9 Jun 2010

Alternative remedy: The concept explained

Courts in India are conferred with various innumerable inherent powers. Be it under Section 151 of the Code of Civil Procedure (available with all civil courts) or with the High Court under Section 482 of the Code of Criminal Procedure or for what matter under Article 226 and 142 of the Constitution with the High Courts and the Supreme Court respectively. Strictly speaking, these powers are unfettered. However by convention, the courts have framed their own rules of limiting the exercise of powers to selective situations. For example we had written recently over the power of the Supreme Court under Article 142 and the unwritten rule that it shall not be exercised where a statutory provision provides for the situation.

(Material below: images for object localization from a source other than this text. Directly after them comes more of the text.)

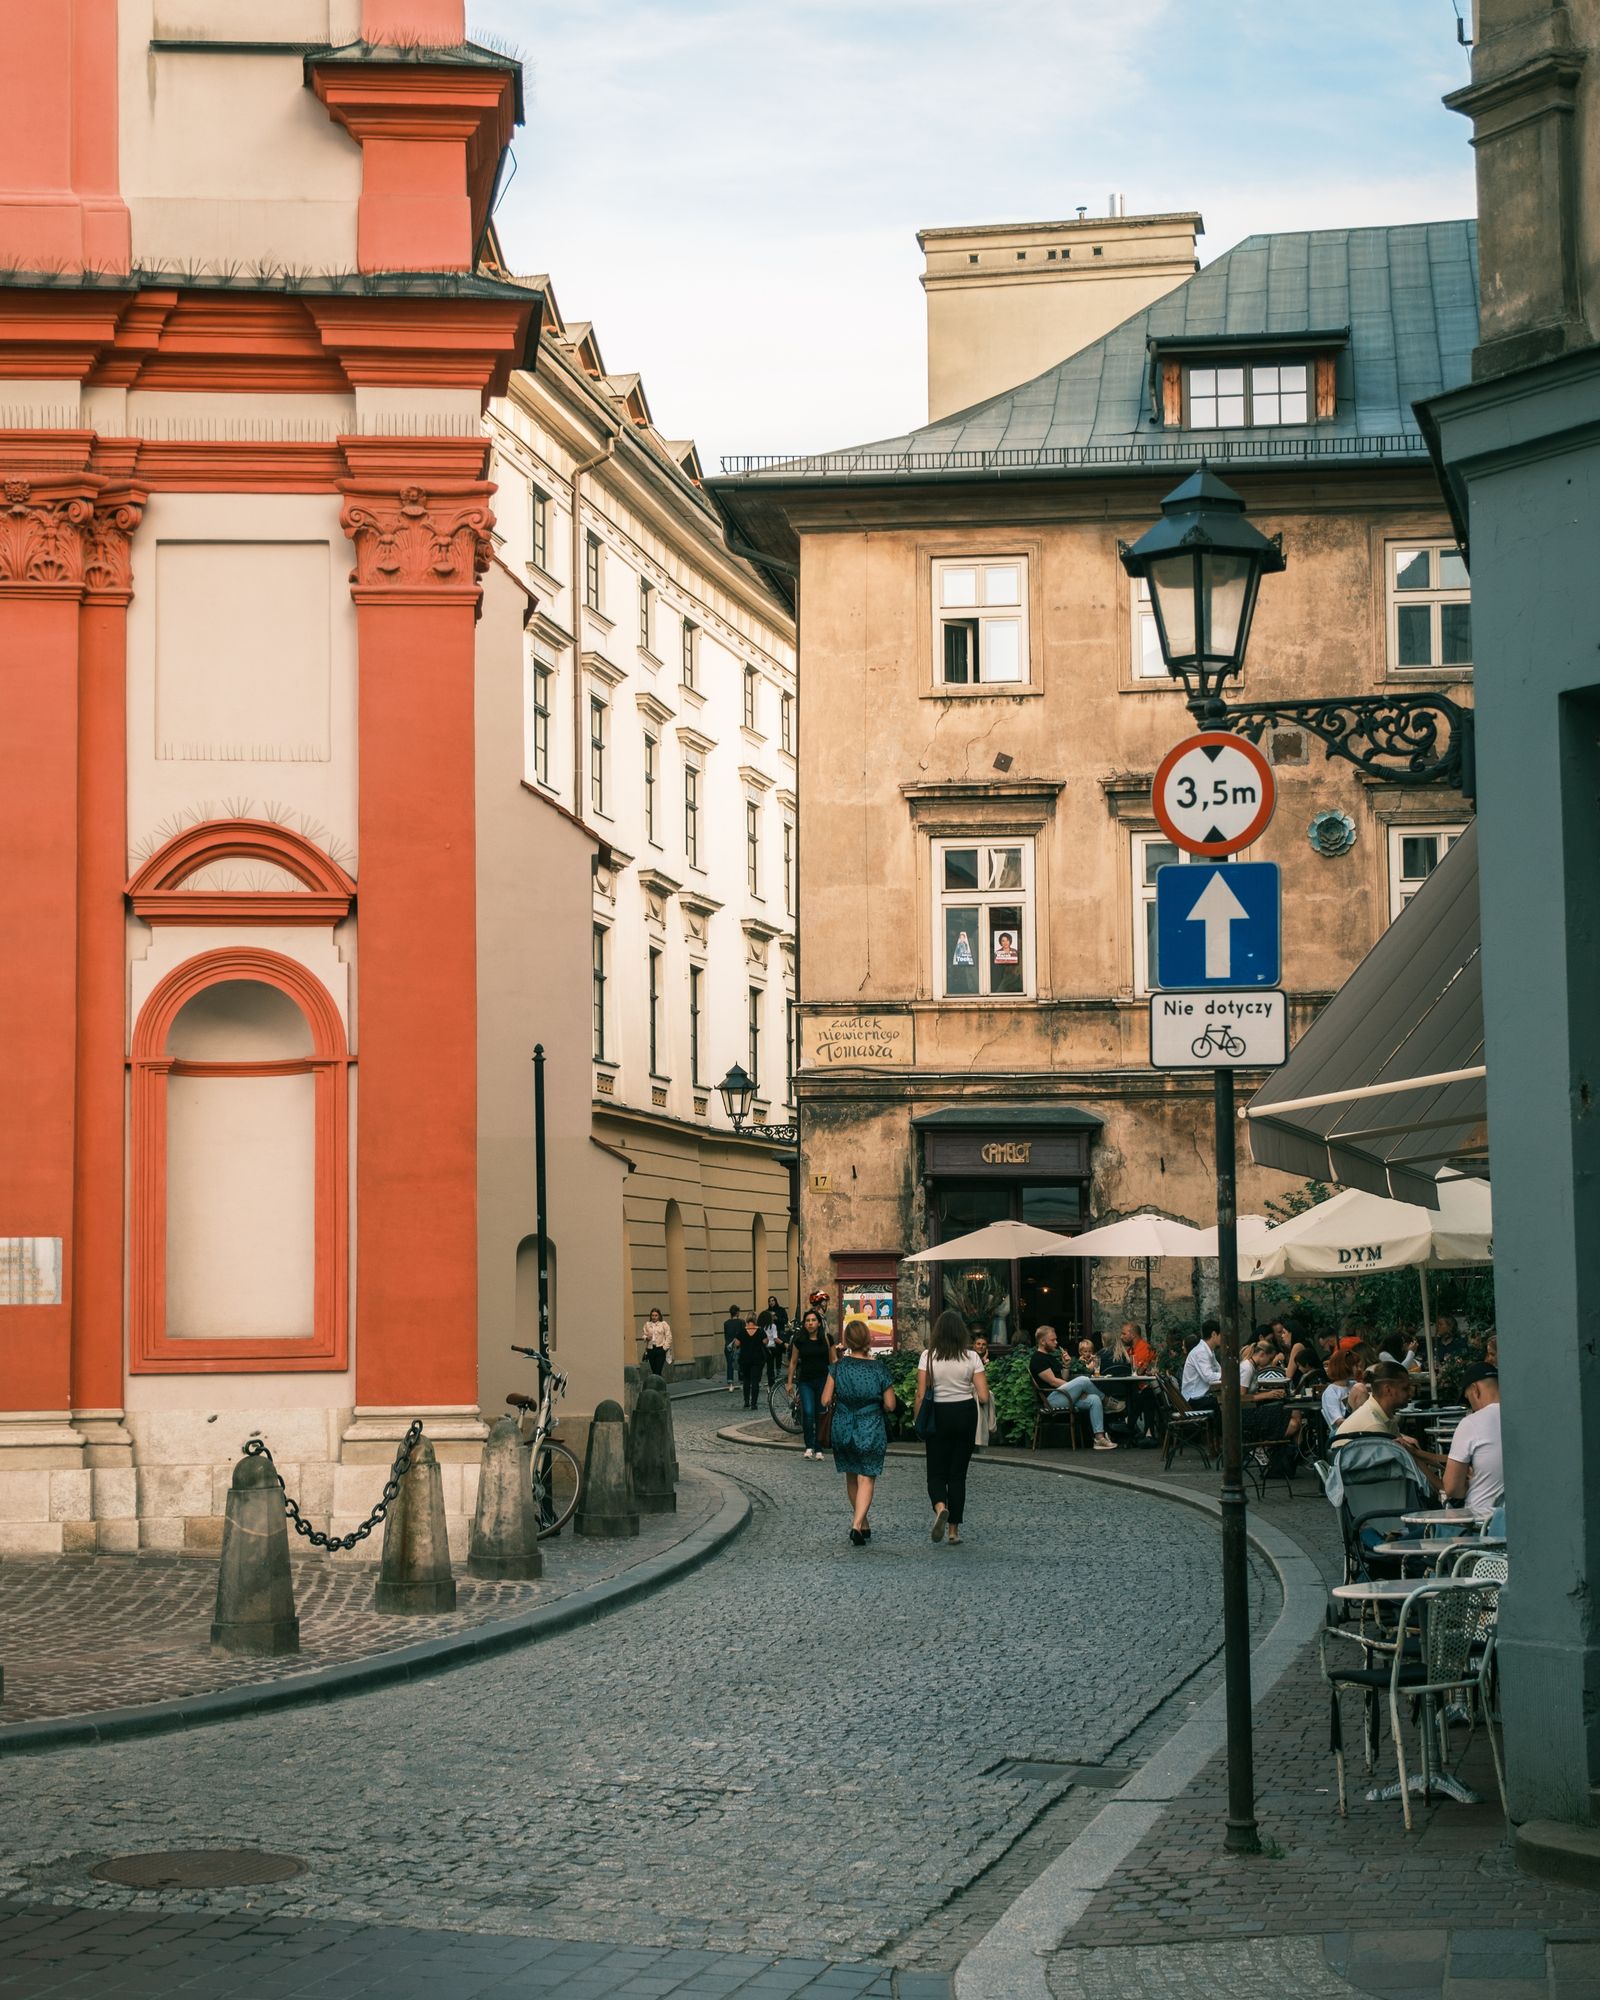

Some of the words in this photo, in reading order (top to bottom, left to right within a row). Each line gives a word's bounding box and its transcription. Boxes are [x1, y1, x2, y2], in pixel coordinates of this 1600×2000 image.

[1176, 776, 1256, 812] 3,5m
[1163, 1000, 1194, 1016] Nie
[1204, 1000, 1273, 1019] dotyczy
[818, 1028, 900, 1044] niewiernego
[816, 1041, 893, 1063] Tomasza
[981, 1142, 1033, 1164] CAMELOT
[815, 1176, 827, 1186] 17
[1337, 1245, 1382, 1264] DYM

In this post we cover a similar concept popularly known amongst the lawyers as "(the limitation) of alternate remedy" in as much as it is now well settled that the inherent powers of the High Courts to issue prerogative writs or order otherwise in terms of Article 226 of the Constitution, the High Courts will careful test the reliefs claimed against the bar of alternate remedy. The rule bars the claimant from invoking the extraordinary jurisdiction of the High Court in the instances where the claimant has a remedy available to him elsewhere (for example an appeal before a Tribunal) and thus even though High Court can interfere, it would not interfere and relegate the claimant to exhaust other remedies before approaching the High Court. 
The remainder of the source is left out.